- Task details
From the first line to the last, print the material exactly, skipping the pictures.
Start of Data for review
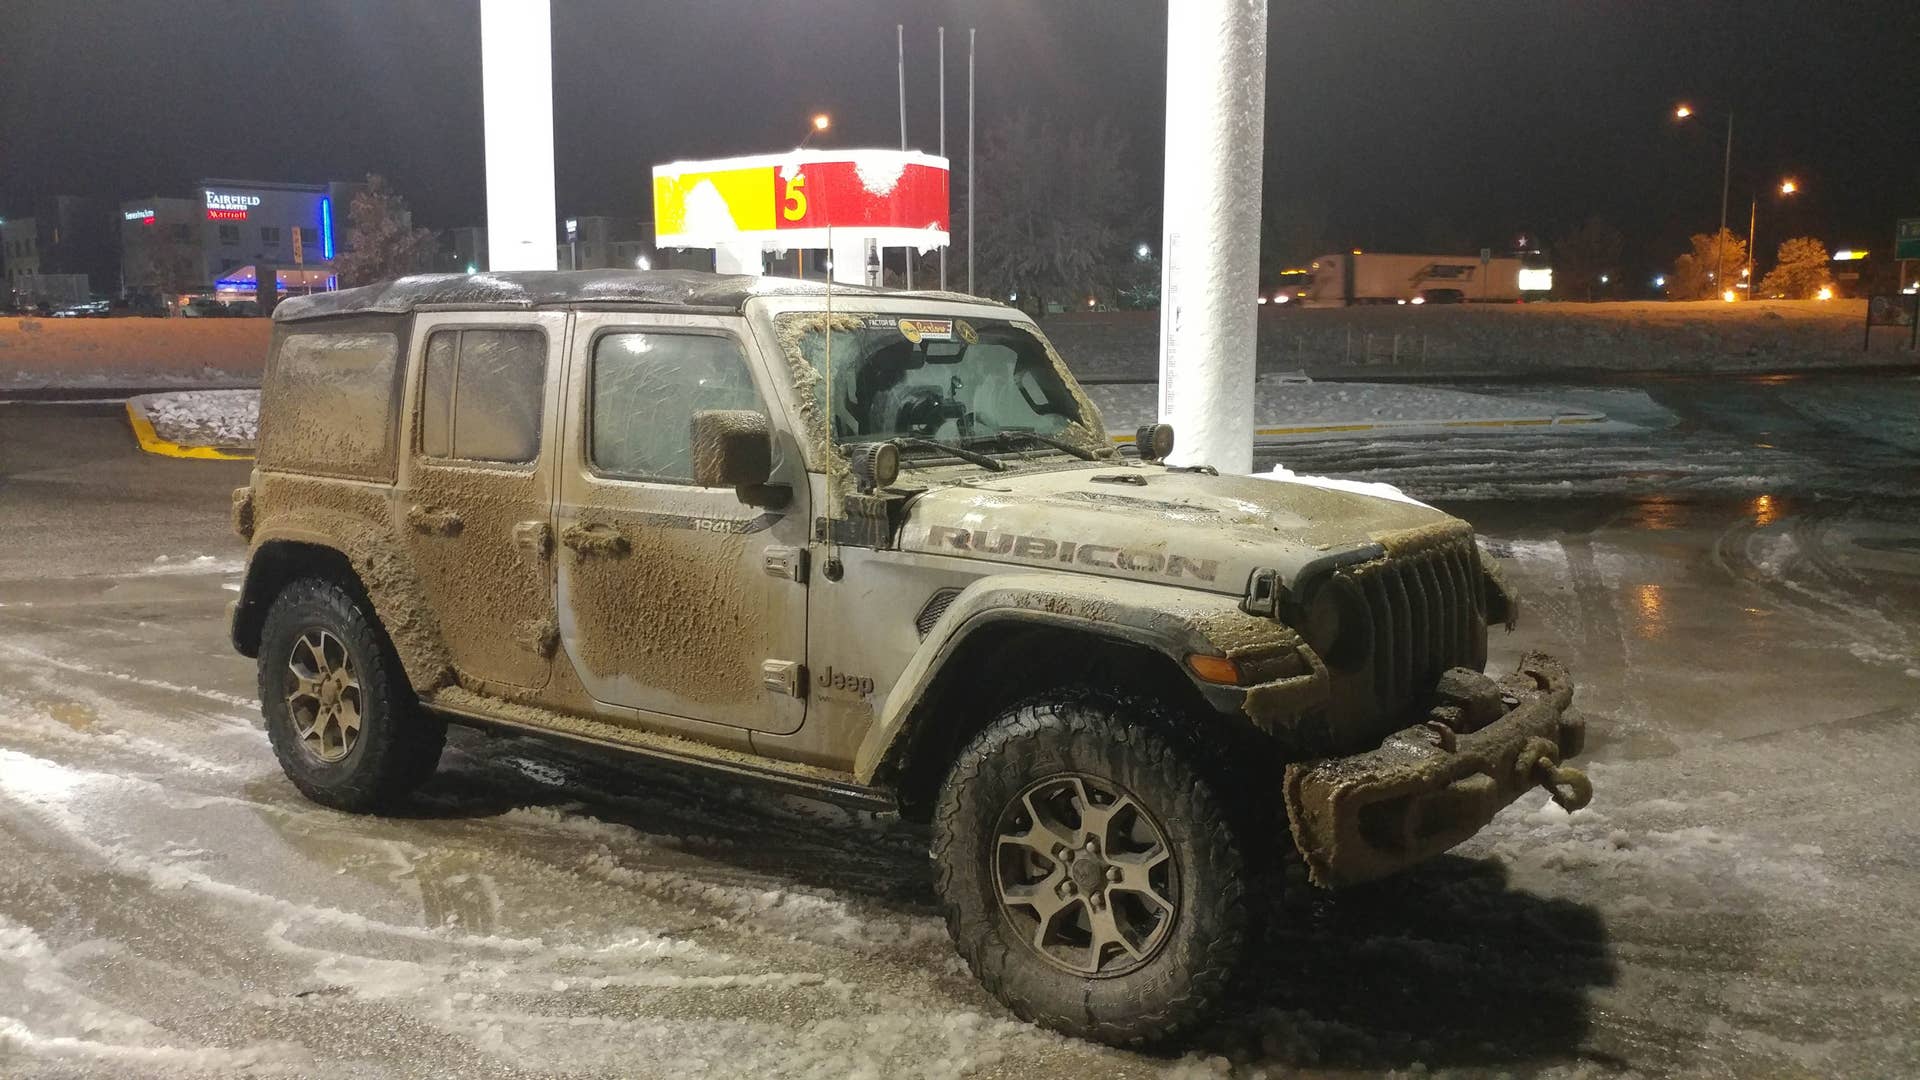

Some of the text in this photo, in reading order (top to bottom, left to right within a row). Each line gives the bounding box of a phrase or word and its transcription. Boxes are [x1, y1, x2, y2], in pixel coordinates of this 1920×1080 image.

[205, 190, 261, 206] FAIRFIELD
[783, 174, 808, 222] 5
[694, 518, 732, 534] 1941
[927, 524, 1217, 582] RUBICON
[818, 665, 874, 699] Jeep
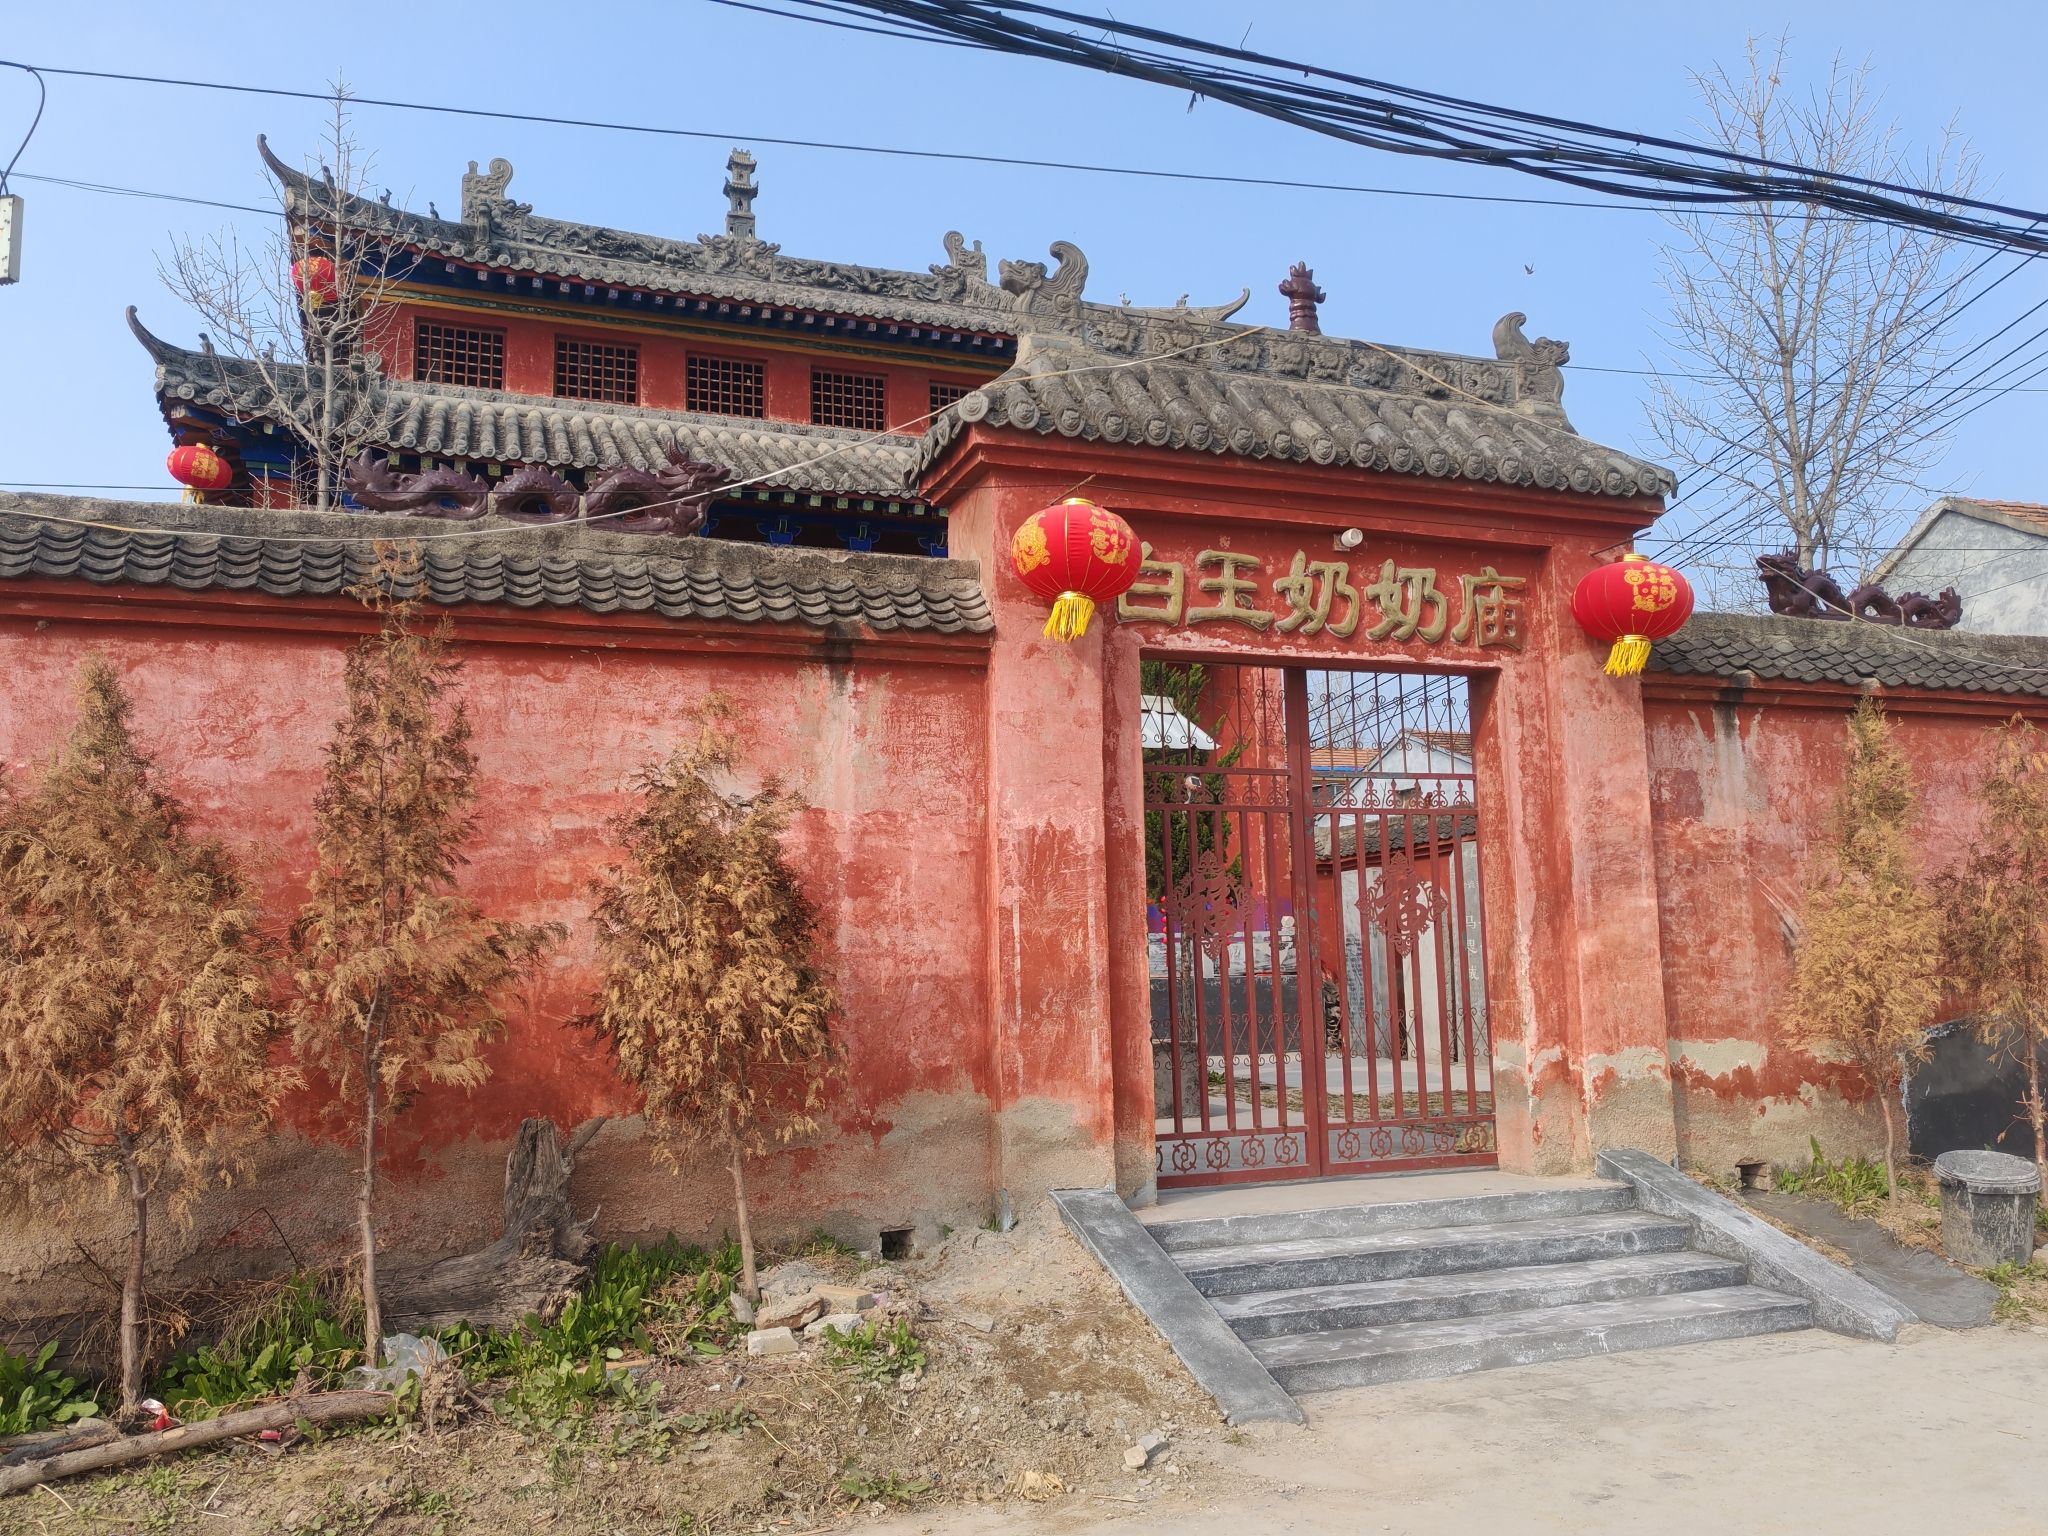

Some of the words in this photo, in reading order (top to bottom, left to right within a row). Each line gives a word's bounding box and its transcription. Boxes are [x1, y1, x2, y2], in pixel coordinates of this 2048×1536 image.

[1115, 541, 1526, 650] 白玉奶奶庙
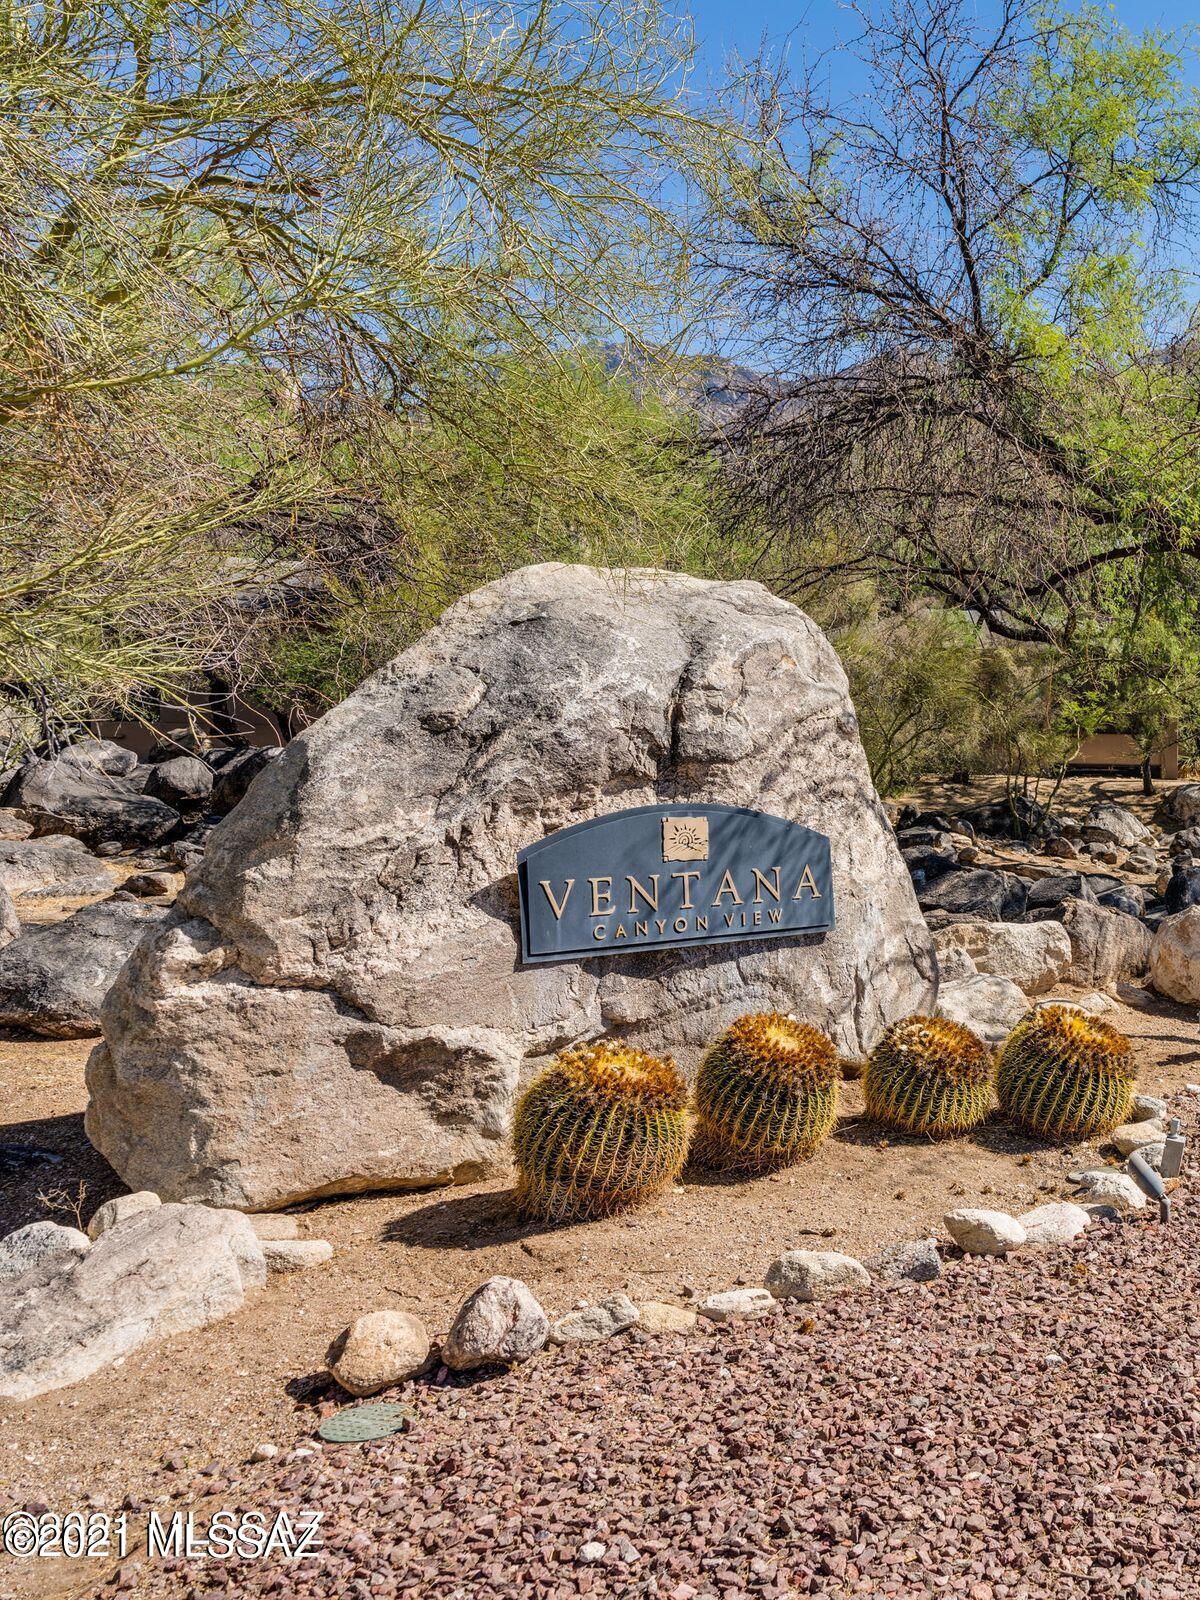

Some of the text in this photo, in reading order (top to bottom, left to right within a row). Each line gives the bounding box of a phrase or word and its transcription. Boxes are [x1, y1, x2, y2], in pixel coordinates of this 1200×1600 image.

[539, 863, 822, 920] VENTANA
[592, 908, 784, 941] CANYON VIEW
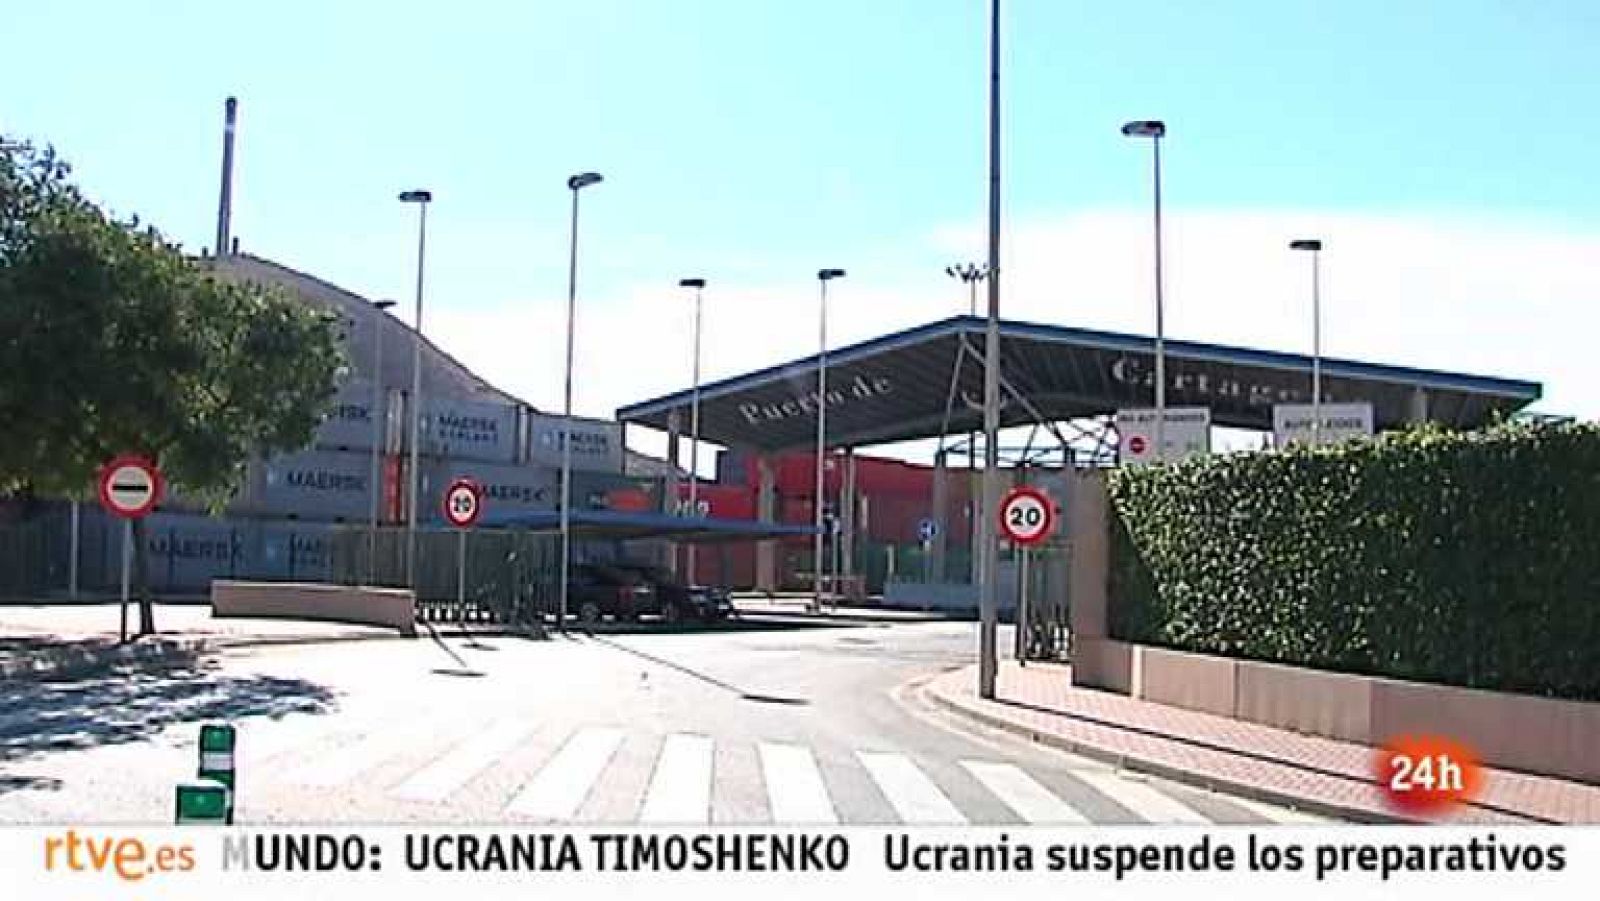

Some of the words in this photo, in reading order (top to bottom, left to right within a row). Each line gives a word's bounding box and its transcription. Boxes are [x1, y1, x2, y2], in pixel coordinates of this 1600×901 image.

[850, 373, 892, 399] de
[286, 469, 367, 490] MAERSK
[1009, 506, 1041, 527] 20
End of Data for review
- Response for this exercise
Some of the text in this photo, in reading order (top to bottom, left to right within a row). Each line gives the bounding box of a phrase or word and its transcription. Boxes are [x1, y1, x2, y2], in pixel coordinates of this 1920×1080 image.

[205, 190, 261, 206] FAIRFIELD
[783, 174, 808, 222] 5
[694, 518, 732, 534] 1941
[927, 524, 1217, 582] RUBICON
[818, 665, 874, 699] Jeep

Some of the words in this photo, in reading order (top to bottom, left to right within a row). Each line gives a word's bounding box and its transcription. Boxes are [x1, y1, x2, y2], in pixel coordinates of this 2048×1536 image.

[1115, 541, 1526, 650] 白玉奶奶庙

Some of the text in this photo, in reading order (top to bottom, left to right within a row). Each line gives the bounding box of a phrase or word and its transcription. Boxes are [x1, y1, x2, y2], in pixel coordinates of this 1200×1600 image.

[539, 863, 822, 920] VENTANA
[592, 908, 784, 941] CANYON VIEW

Some of the words in this photo, in reading order (top to bottom, left to right within a row). Each line gives a word's bounding box and its transcription. Boxes are [x1, y1, x2, y2], in pixel coordinates of this 1600×901 image.

[850, 373, 892, 399] de
[286, 469, 367, 490] MAERSK
[1009, 506, 1041, 527] 20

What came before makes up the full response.